***** Source data *****
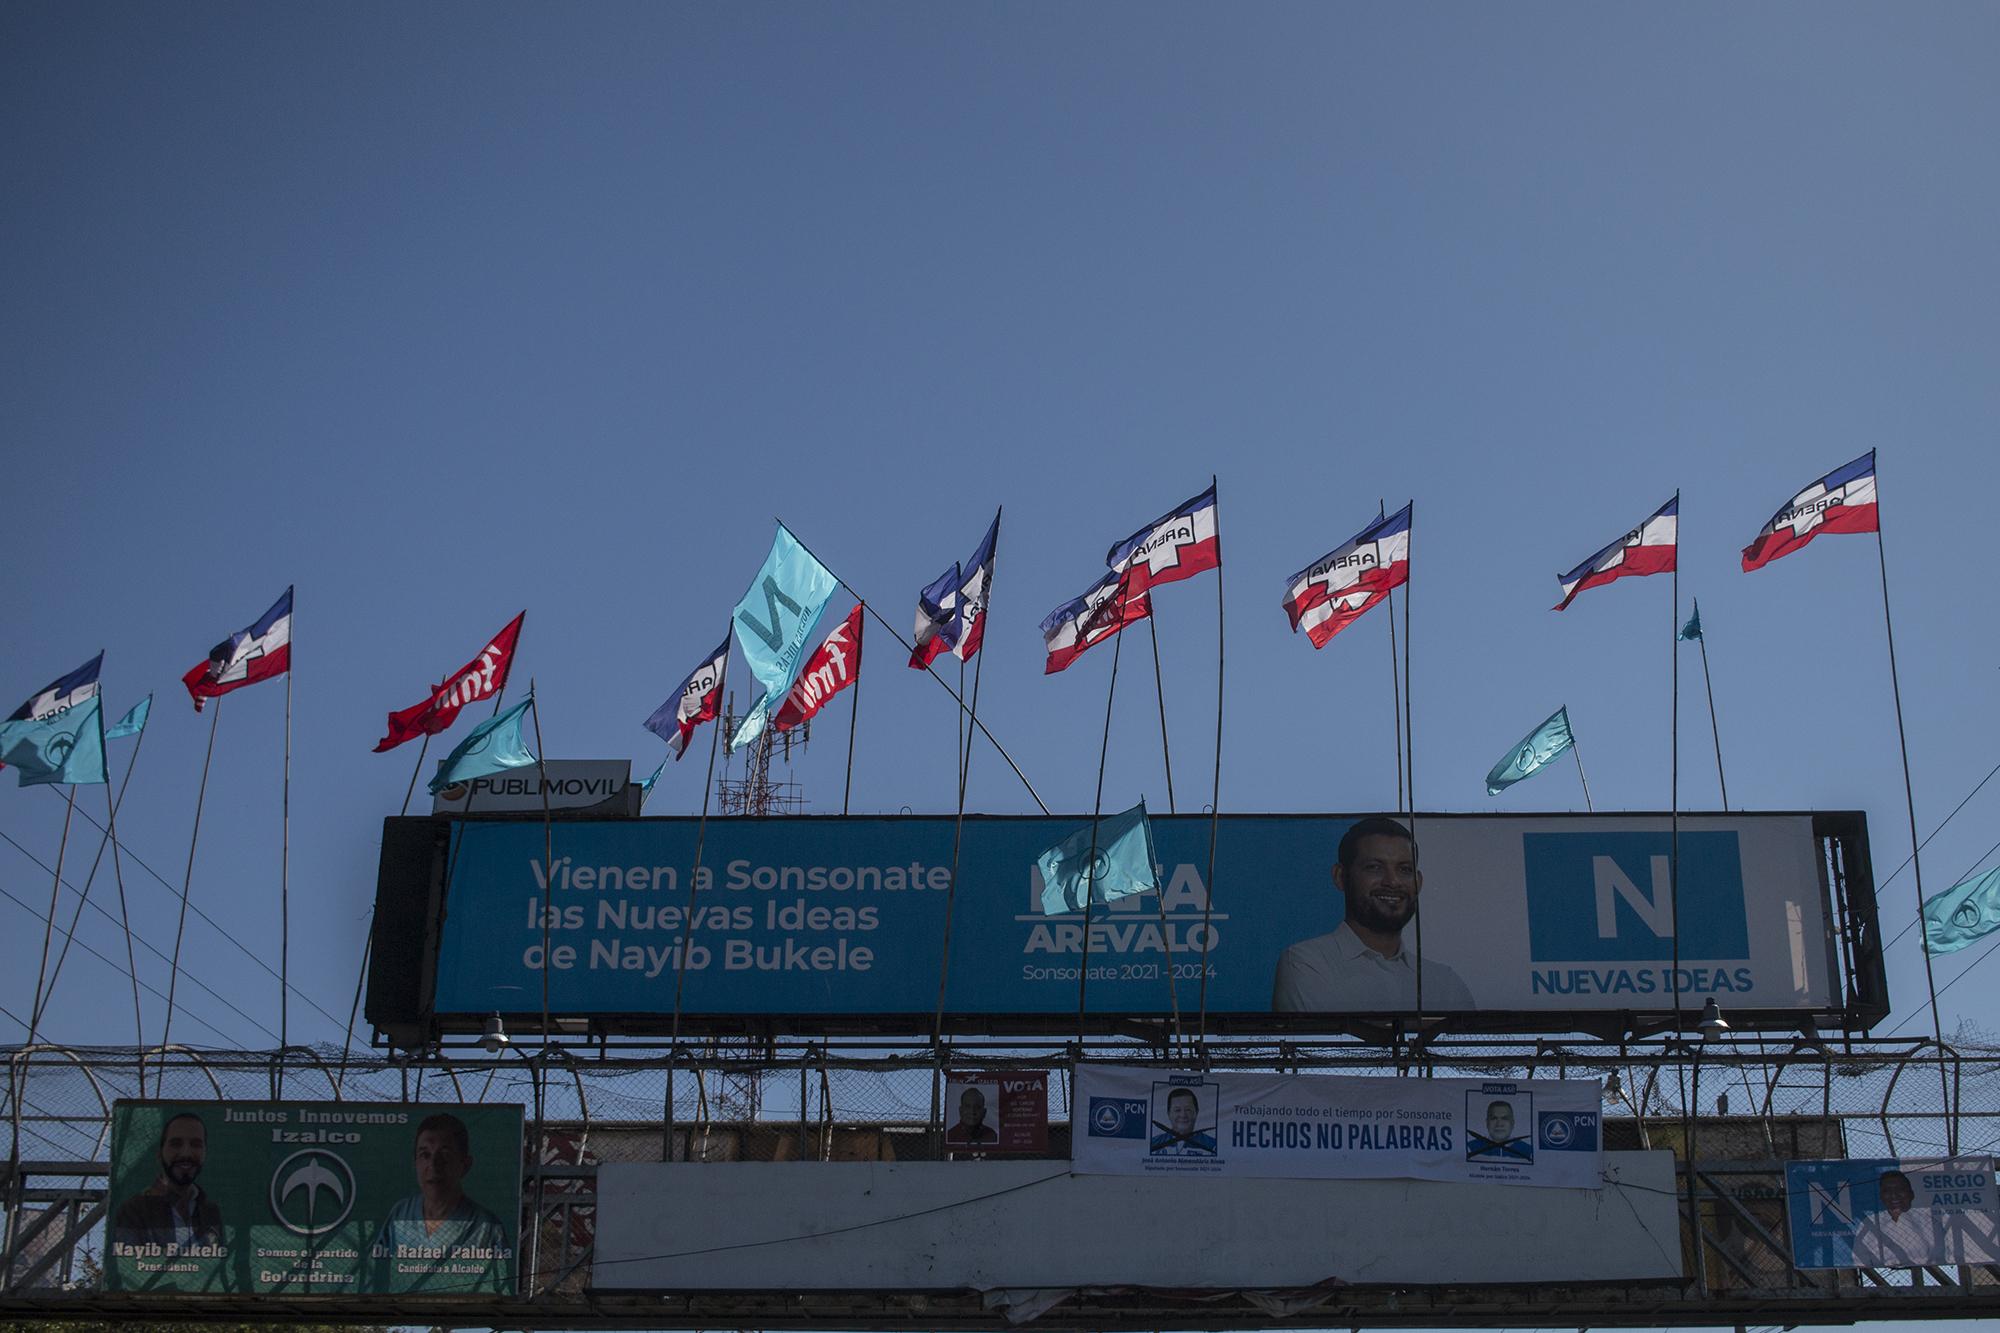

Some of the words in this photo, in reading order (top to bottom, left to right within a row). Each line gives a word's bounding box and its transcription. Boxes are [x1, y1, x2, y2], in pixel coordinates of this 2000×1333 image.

[474, 779, 621, 795] PUBLIMOVIL
[529, 857, 678, 890] Vienen
[691, 865, 713, 890] a
[726, 860, 952, 891] Sonsonate
[1593, 855, 1675, 938] N
[527, 897, 585, 929] las
[597, 899, 754, 930] Nuevas
[767, 898, 880, 930] Ideas
[1023, 916, 1220, 953] ARÉVALO
[523, 937, 577, 970] de
[590, 936, 712, 977] Nayib
[725, 938, 875, 971] Bukele
[1023, 964, 1119, 980] Sonsonate
[1120, 964, 1159, 980] 2021
[1172, 964, 1217, 980] 2024
[1531, 969, 1656, 994] NUEVAS
[1662, 968, 1754, 993] IDEAS
[1003, 1080, 1044, 1094] VOTA
[223, 1108, 289, 1123] Juntos
[299, 1109, 409, 1125] Innovemos
[1124, 1103, 1146, 1115] PCN
[1233, 1104, 1293, 1117] Trabajando
[1295, 1106, 1319, 1117] todo
[1322, 1106, 1332, 1117] el
[1335, 1107, 1372, 1120] tiempo
[1375, 1109, 1394, 1121] por
[1397, 1108, 1453, 1120] Sonsonate
[1573, 1115, 1596, 1127] PCN
[271, 1129, 361, 1145] Izalco
[1232, 1120, 1312, 1149] HECHOS
[1316, 1122, 1343, 1150] NO
[1348, 1123, 1453, 1151] PALABRAS
[1923, 1174, 1986, 1189] SERGIO
[1808, 1181, 1853, 1225] N
[1931, 1192, 1982, 1206] ARIAS
[111, 1242, 162, 1260] Nayib
[166, 1242, 229, 1259] Bukele
[257, 1248, 298, 1259] Somos
[300, 1247, 313, 1258] el
[315, 1248, 360, 1262] partido
[372, 1244, 393, 1260] Dr.
[397, 1244, 447, 1260] Rafael
[450, 1245, 513, 1261] Palucha
[137, 1262, 200, 1273] Presidente
[311, 1259, 323, 1269] la
[260, 1271, 354, 1284] Golondrina
*****
**Task objective**
The result should be every entry, word for word, and no pictures.

**Your solution**
Some of the words in this photo, in reading order (top to bottom, left to right within a row). Each line gives a word's bounding box and its transcription. Boxes are [x1, y1, x2, y2], in pixel coordinates of this 2000×1333 image.

[474, 779, 621, 795] PUBLIMOVIL
[529, 857, 678, 890] Vienen
[691, 865, 713, 890] a
[726, 860, 952, 891] Sonsonate
[1593, 855, 1675, 938] N
[527, 897, 585, 929] las
[597, 899, 754, 930] Nuevas
[767, 898, 880, 930] Ideas
[1023, 916, 1220, 953] ARÉVALO
[523, 937, 577, 970] de
[590, 936, 712, 977] Nayib
[725, 938, 875, 971] Bukele
[1023, 964, 1119, 980] Sonsonate
[1120, 964, 1159, 980] 2021
[1172, 964, 1217, 980] 2024
[1531, 969, 1656, 994] NUEVAS
[1662, 968, 1754, 993] IDEAS
[1003, 1080, 1044, 1094] VOTA
[223, 1108, 289, 1123] Juntos
[299, 1109, 409, 1125] Innovemos
[1124, 1103, 1146, 1115] PCN
[1233, 1104, 1293, 1117] Trabajando
[1295, 1106, 1319, 1117] todo
[1322, 1106, 1332, 1117] el
[1335, 1107, 1372, 1120] tiempo
[1375, 1109, 1394, 1121] por
[1397, 1108, 1453, 1120] Sonsonate
[1573, 1115, 1596, 1127] PCN
[271, 1129, 361, 1145] Izalco
[1232, 1120, 1312, 1149] HECHOS
[1316, 1122, 1343, 1150] NO
[1348, 1123, 1453, 1151] PALABRAS
[1923, 1174, 1986, 1189] SERGIO
[1808, 1181, 1853, 1225] N
[1931, 1192, 1982, 1206] ARIAS
[111, 1242, 162, 1260] Nayib
[166, 1242, 229, 1259] Bukele
[257, 1248, 298, 1259] Somos
[300, 1247, 313, 1258] el
[315, 1248, 360, 1262] partido
[372, 1244, 393, 1260] Dr.
[397, 1244, 447, 1260] Rafael
[450, 1245, 513, 1261] Palucha
[137, 1262, 200, 1273] Presidente
[311, 1259, 323, 1269] la
[260, 1271, 354, 1284] Golondrina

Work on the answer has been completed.